Die Schließung wird mit schwacher Auslastung, hohen Produktionskosten, veränderten Essgewohnheiten der Verbraucher und der mangelnden Fähigkeit des Werks begründet, trendige Produkte wie High-Protein-Produkte herzustellen. - Wie viele Mitarbeiter sind von der Schließung betroffen?
Von der Schließung sind 230 Mitarbeiter im Werk Ochsenfurt betroffen. - Was passiert mit den Milchbauern, die das Werk beliefern?
Rund 70 Milchbauern verlieren mit dem Werk einen wichtigen Abnehmer. Ihre Zukunft ist unsicher, Danone hat jedoch Gespräche angekündigt. - Geht es Danone finanziell schlecht?
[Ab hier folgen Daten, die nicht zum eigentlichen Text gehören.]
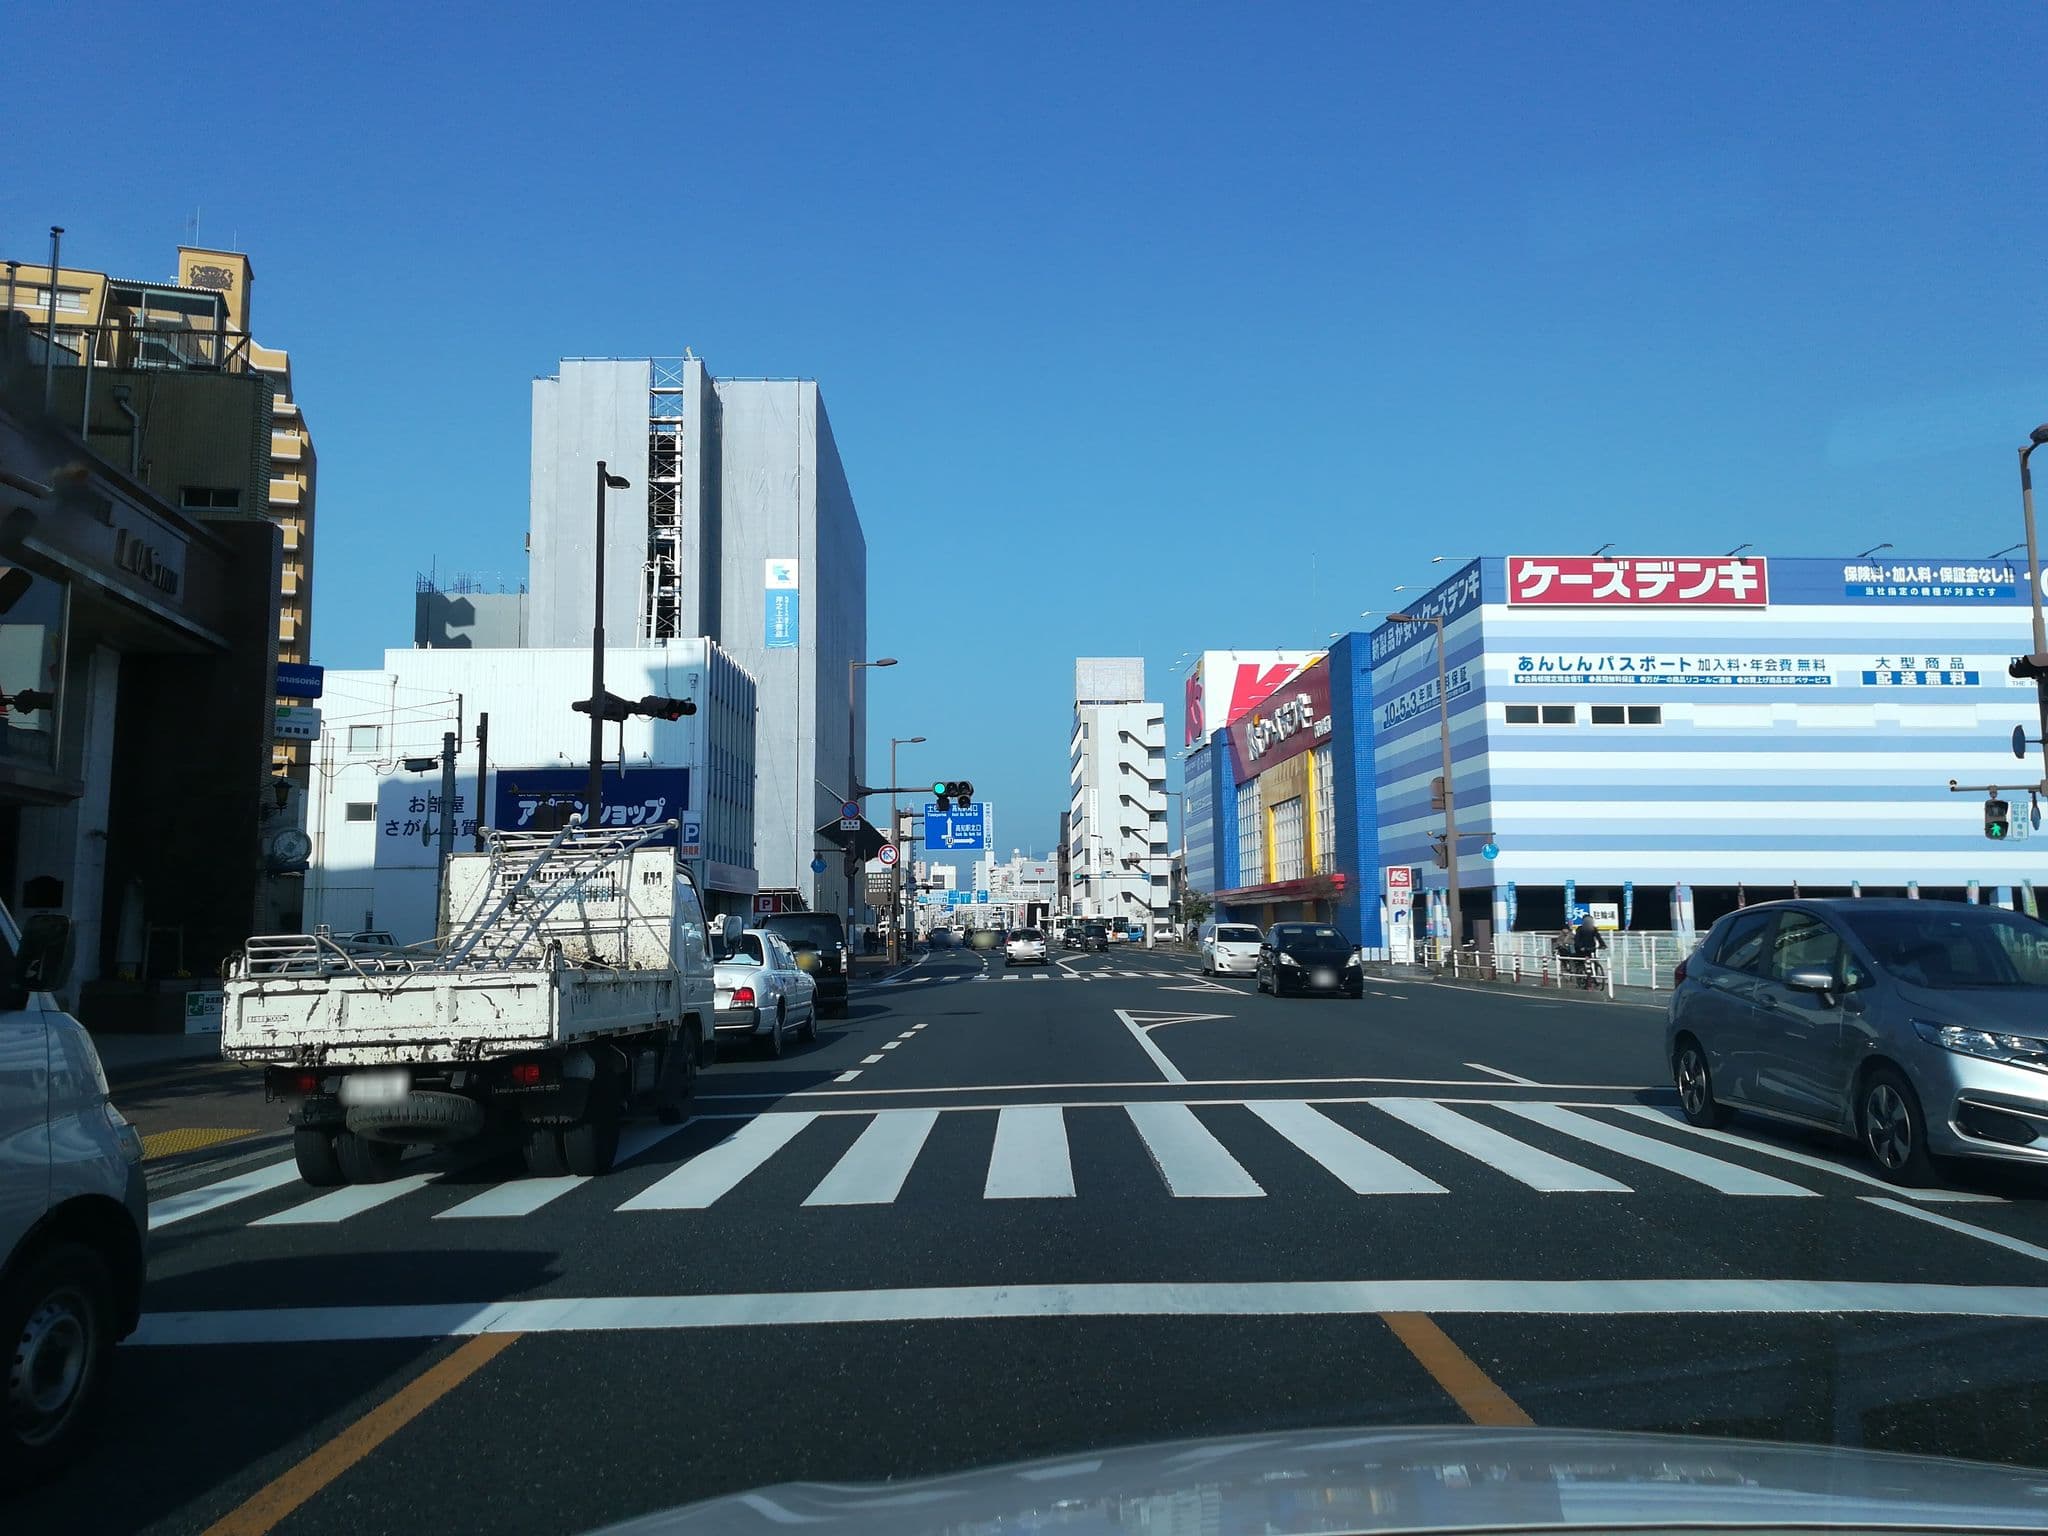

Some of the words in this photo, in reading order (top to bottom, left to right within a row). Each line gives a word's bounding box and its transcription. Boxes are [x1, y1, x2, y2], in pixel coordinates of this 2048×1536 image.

[1517, 560, 1758, 599] ケーズデンキ
[1518, 655, 1692, 672] あんしんパスポート
[1875, 656, 1965, 669] 大型商品
[276, 675, 321, 686] anasonic
[1875, 671, 1967, 685] 配送無料
[517, 796, 666, 826] アンョップ
[386, 819, 479, 837] さが質
[685, 824, 699, 842] P
[763, 900, 770, 909] P
Basierend auf den globalen Geschäftszahlen 2024 scheint Danone finanziell gut aufgestellt zu sein. Das Unternehmen verzeichnete Umsatz- und Margenwachstum sowie einen Rekord-Cashflow und plant Investitionen und Übernahmen. - Wo wird Danone in Deutschland künftig produzieren?
Die Produktion in Deutschland wird auf das Werk in Fulda konzentriert, das auf Säuglingsmilch und medizinische Ernährung spezialisiert ist. - Was bedeutet die Schließung für Produkte wie Dany Sahne?
Das Werk in Ochsenfurt war bekannt für die Herstellung von Dany Sahne. Die Zukunft der Produktion dieses spezifischen Produkts nach der Schließung geht aus den vorliegenden Informationen nicht hervor, aber die Schließung betrifft primär den Produktionsstandort.
Fazit
Die Schließung des Danone-Werks in Ochsenfurt ist eine klassische Fallstudie, wie globale Unternehmensstrategien lokale Gemeinschaften beeinflussen können. Während der Konzern weltweit erfolgreich agiert, sich auf neue, profitable Segmente wie Spezialnahrung und High-Protein-Produkte ausrichtet und finanziell stark dasteht, führt die Optimierung des Produktionsnetzwerks zur Aufgabe eines traditionellen Standorts. Die Gründe – unzureichende Auslastung, hohe Kosten und mangelnde Anpassungsfähigkeit an neue Markttrends – sind aus betriebswirtschaftlicher Sicht nachvollziehbar, schmälern aber nicht die menschliche und wirtschaftliche Tragödie für die betroffenen Mitarbeiter und Landwirte in Ochsenfurt. Das Ende des Standorts markiert das Ende einer Ära der Milchproduktproduktion in Bayern für Danone und symbolisiert den Wandel in der Lebensmittelindustrie.